■ **What to do**
Transcribe nothing except the lines below that run from the one with "this 1200×1600 image." to the one with "this 1600×1200 image.", ends included, and do not copy any picture.

[Text-to-region grounding data]
---*---
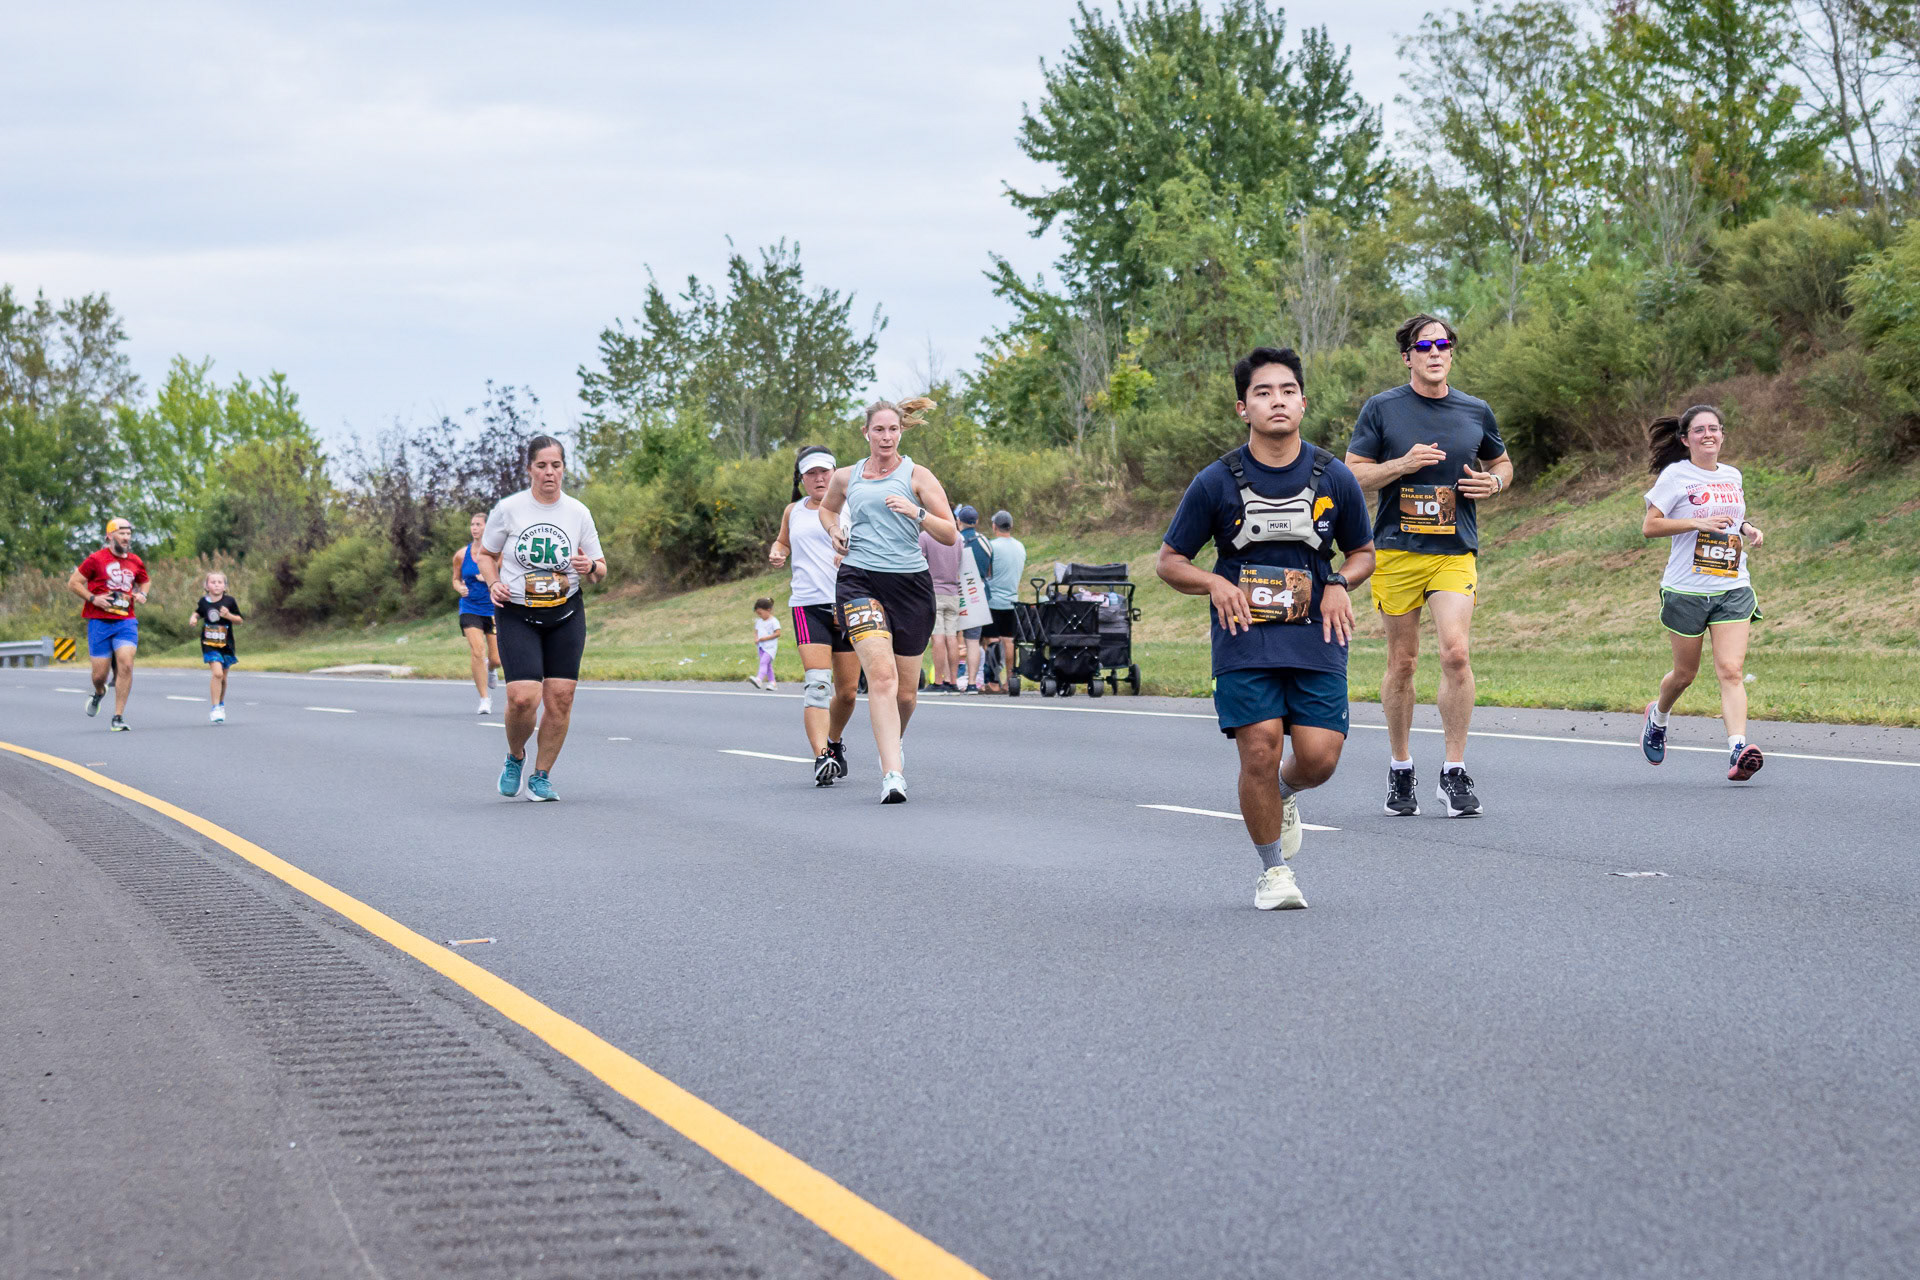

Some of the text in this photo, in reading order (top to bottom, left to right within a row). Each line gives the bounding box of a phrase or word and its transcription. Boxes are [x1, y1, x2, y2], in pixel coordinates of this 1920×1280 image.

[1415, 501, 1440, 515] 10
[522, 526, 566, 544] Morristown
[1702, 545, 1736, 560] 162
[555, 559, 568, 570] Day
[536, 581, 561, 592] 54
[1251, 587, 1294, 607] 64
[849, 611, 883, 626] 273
---*---
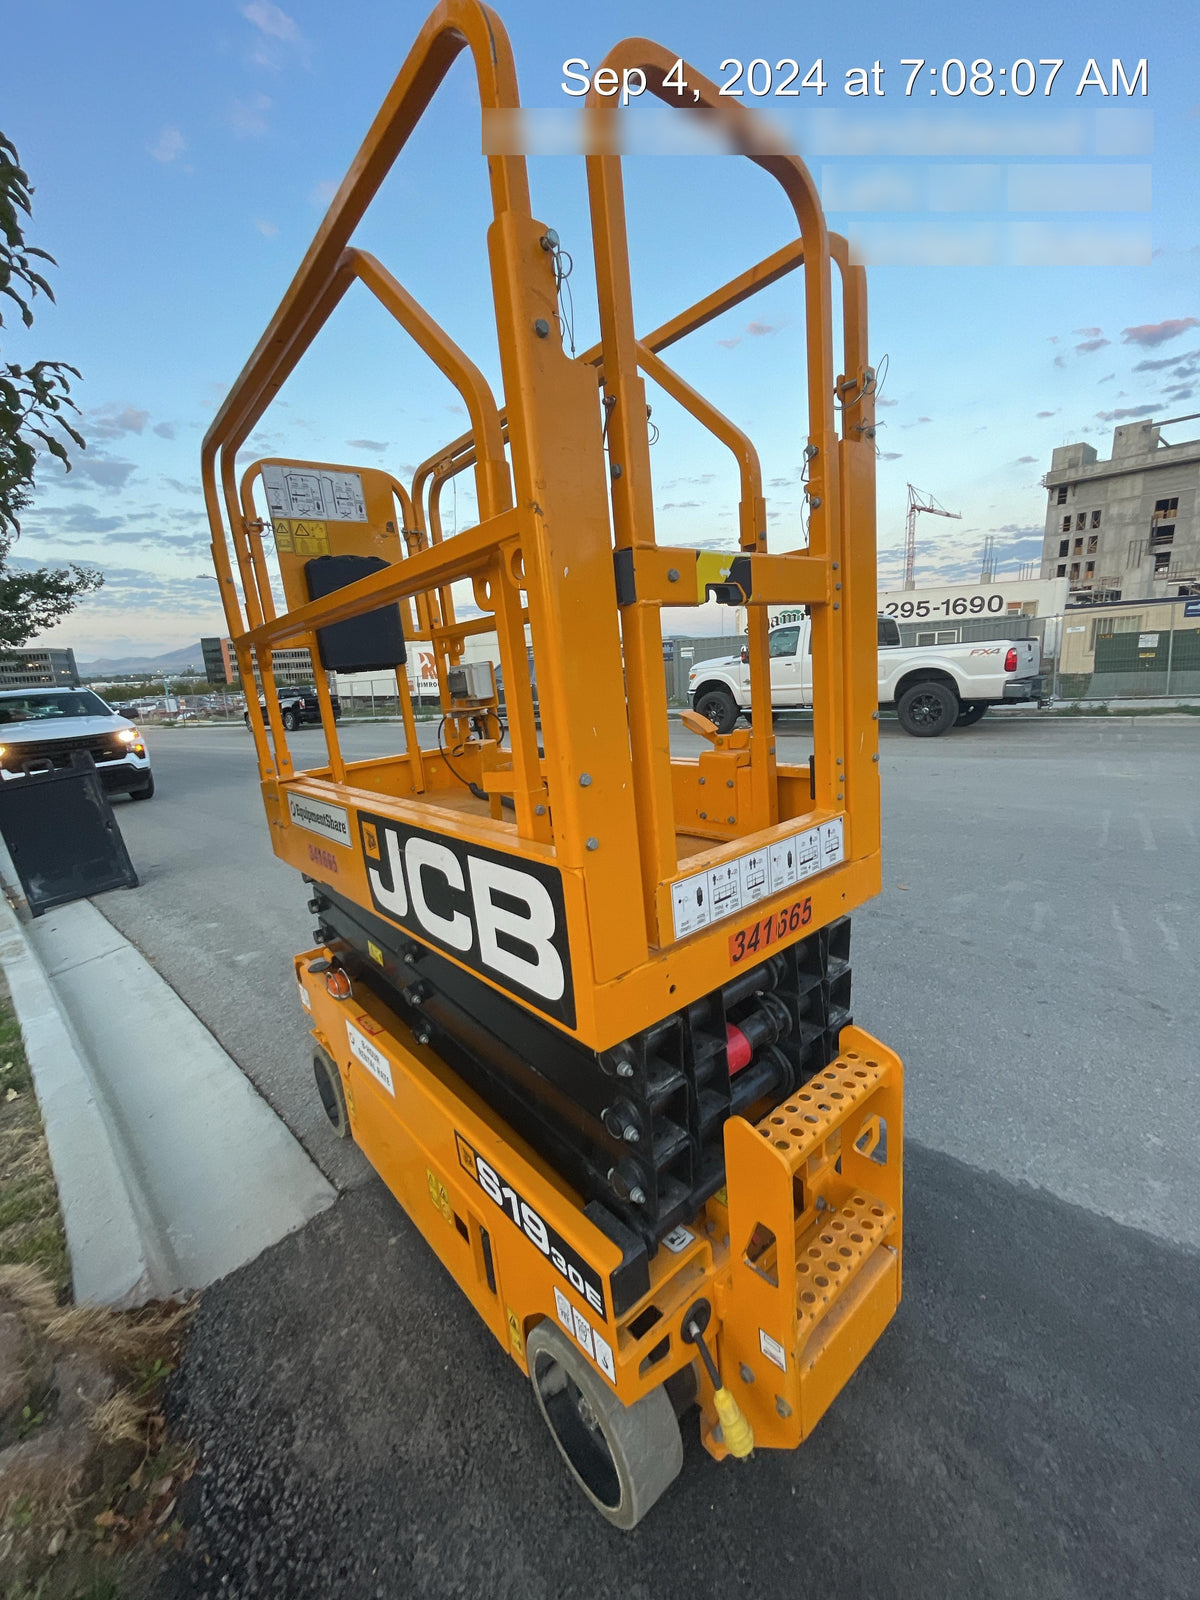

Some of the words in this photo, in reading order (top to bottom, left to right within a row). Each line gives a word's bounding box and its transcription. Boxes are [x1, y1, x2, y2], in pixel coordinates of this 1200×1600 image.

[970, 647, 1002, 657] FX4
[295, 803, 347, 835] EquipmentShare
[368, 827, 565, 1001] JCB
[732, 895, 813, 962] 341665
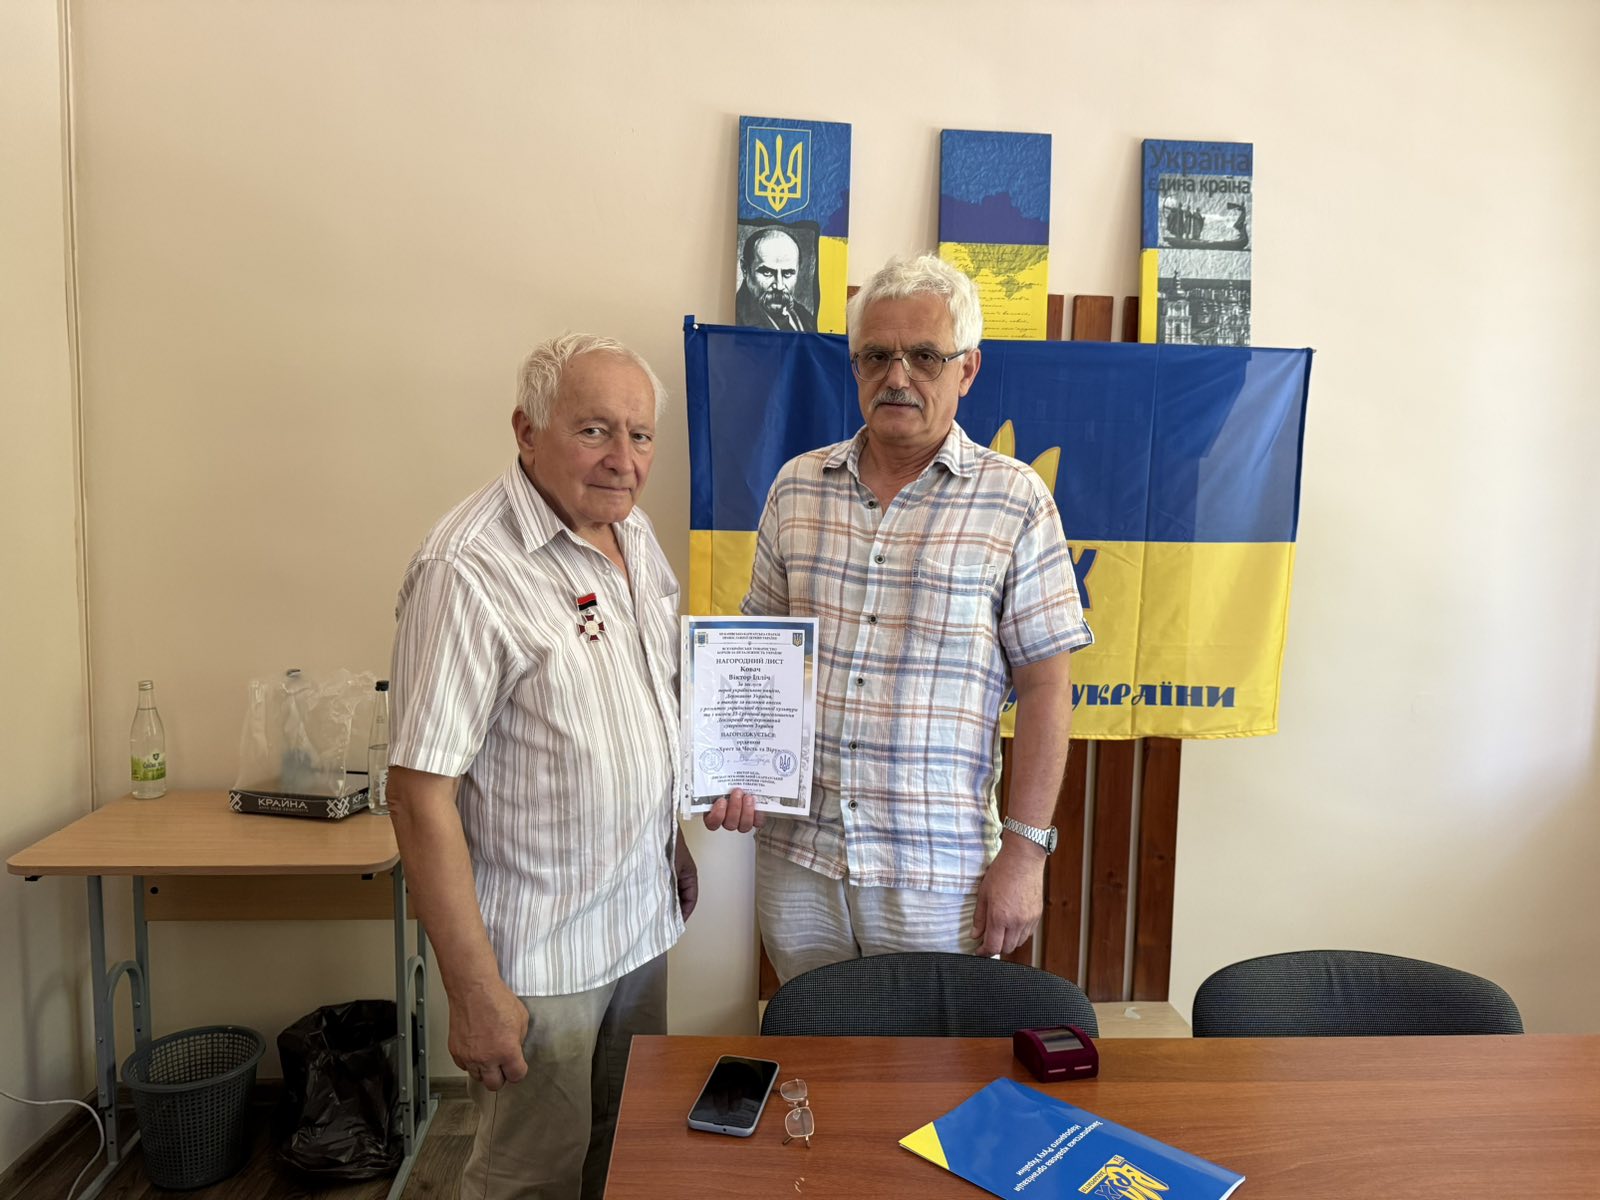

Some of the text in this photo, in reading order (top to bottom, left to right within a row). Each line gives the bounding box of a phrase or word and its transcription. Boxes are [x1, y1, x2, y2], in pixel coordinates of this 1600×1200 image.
---*---
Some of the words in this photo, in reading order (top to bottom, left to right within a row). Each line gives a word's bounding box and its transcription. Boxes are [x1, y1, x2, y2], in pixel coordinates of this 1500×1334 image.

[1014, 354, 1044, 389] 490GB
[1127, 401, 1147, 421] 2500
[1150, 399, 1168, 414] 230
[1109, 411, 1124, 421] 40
---*---
■ **Output of the task**
Some of the words in this photo, in reading order (top to bottom, left to right within a row). Each line gives a word's bounding box and its transcription. Boxes are [x1, y1, x2, y2], in pixel coordinates of this 1200×1600 image.

[970, 647, 1002, 657] FX4
[295, 803, 347, 835] EquipmentShare
[368, 827, 565, 1001] JCB
[732, 895, 813, 962] 341665

Some of the text in this photo, in reading order (top to bottom, left to right within a row). Each line gives the bounding box of a phrase or word and its transcription. Boxes are [x1, y1, x2, y2], in pixel coordinates of this 1600×1200 image.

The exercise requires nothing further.